02 December 2015

Rethinking how (micro)economics is taught

Yeming writes*

Microeconomics is a highly technical subject which is often thought to be a ‘value-free science.’ Hence introductory courses typically do not focus on debates in the field and proceed as if everything is settled and agreed-upon. However, this is a myth, because value judgements pervade economics and economic textbooks. The very definition of economics, as the attempt to satisfy unlimited wants with limited resources, is already grounded with judgements about what makes human beings happy. For example, it shifts our attention towards efficiency and away from questions of equity, often invoking the compensation principle in cost-benefit analysis to justify efficiency-enhancing policies. It is these value-judgements that I think should be made explicit and therefore students should also be exposed to alternatives.

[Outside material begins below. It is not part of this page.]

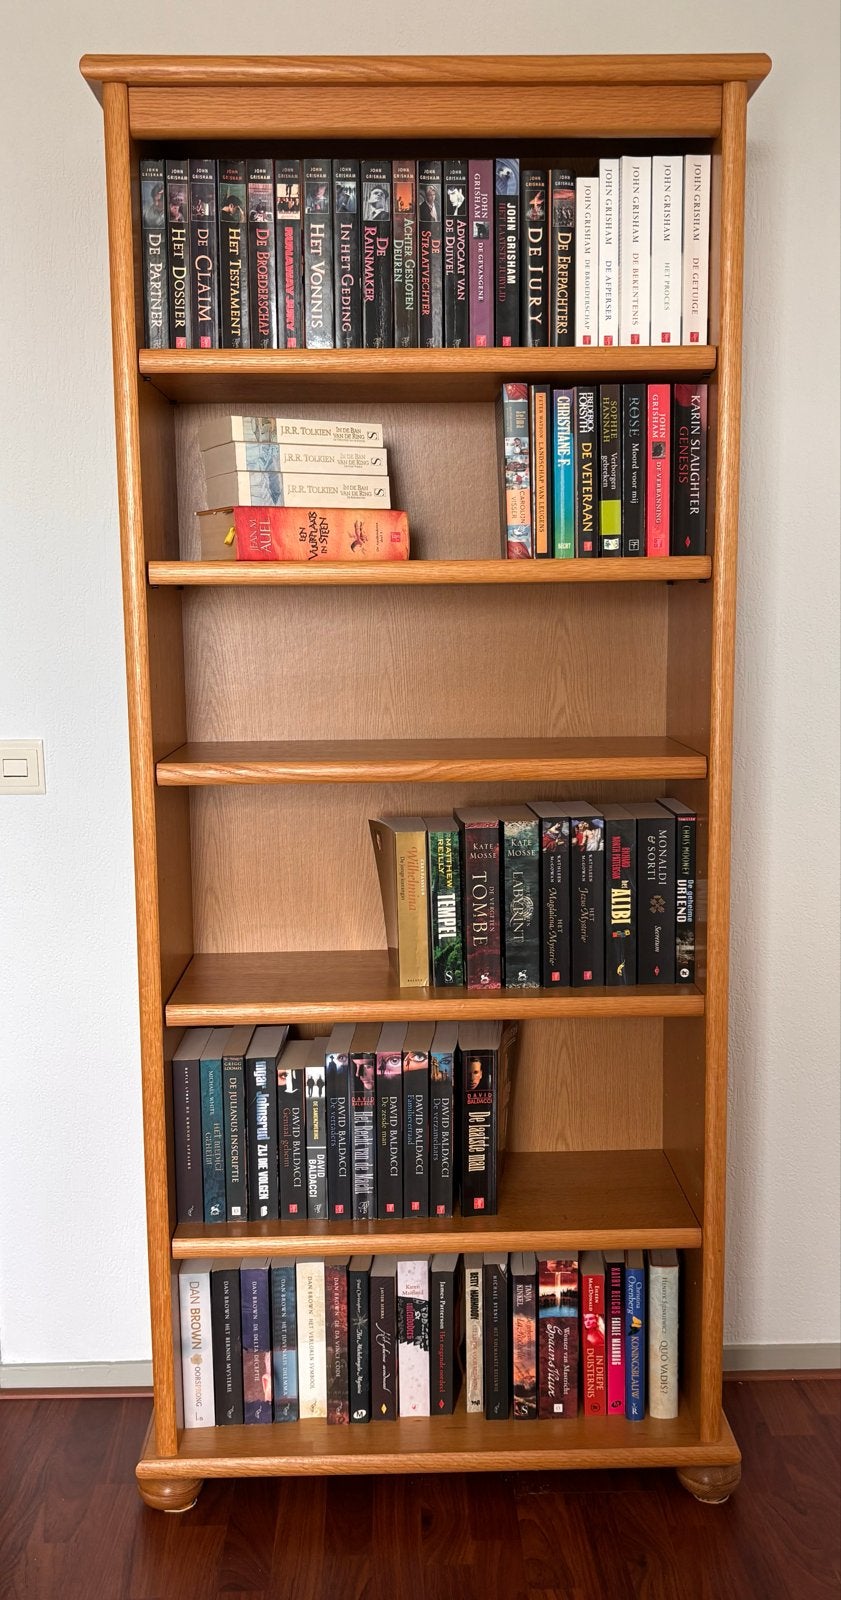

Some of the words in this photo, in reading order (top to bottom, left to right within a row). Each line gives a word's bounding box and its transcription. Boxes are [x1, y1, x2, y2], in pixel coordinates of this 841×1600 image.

Mainstream microeconomics courses and often economic courses in general tend to idolize the market. It describes a world of perfect markets in which given resources are allocated as if by an invisible hand in a way that maximizes utility. This idea is referred to as ‘market fundamentalism’ and is implicit in most (micro)economics courses that I have taken. Also, it is often times presented as a one-size-fits-all model, with demand and supply as the central theoretical structure. However, the demand and supply framework is actually a simplified representation of only perfectly competitive markets, because the supply curve does not exists in non-competitive markets. (why? read here) Then, considering the prevalence of imperfect markets in the real-world, students should be aware that applying the demand and supply model only functions as an approximation, which can sometimes be justified, but not always!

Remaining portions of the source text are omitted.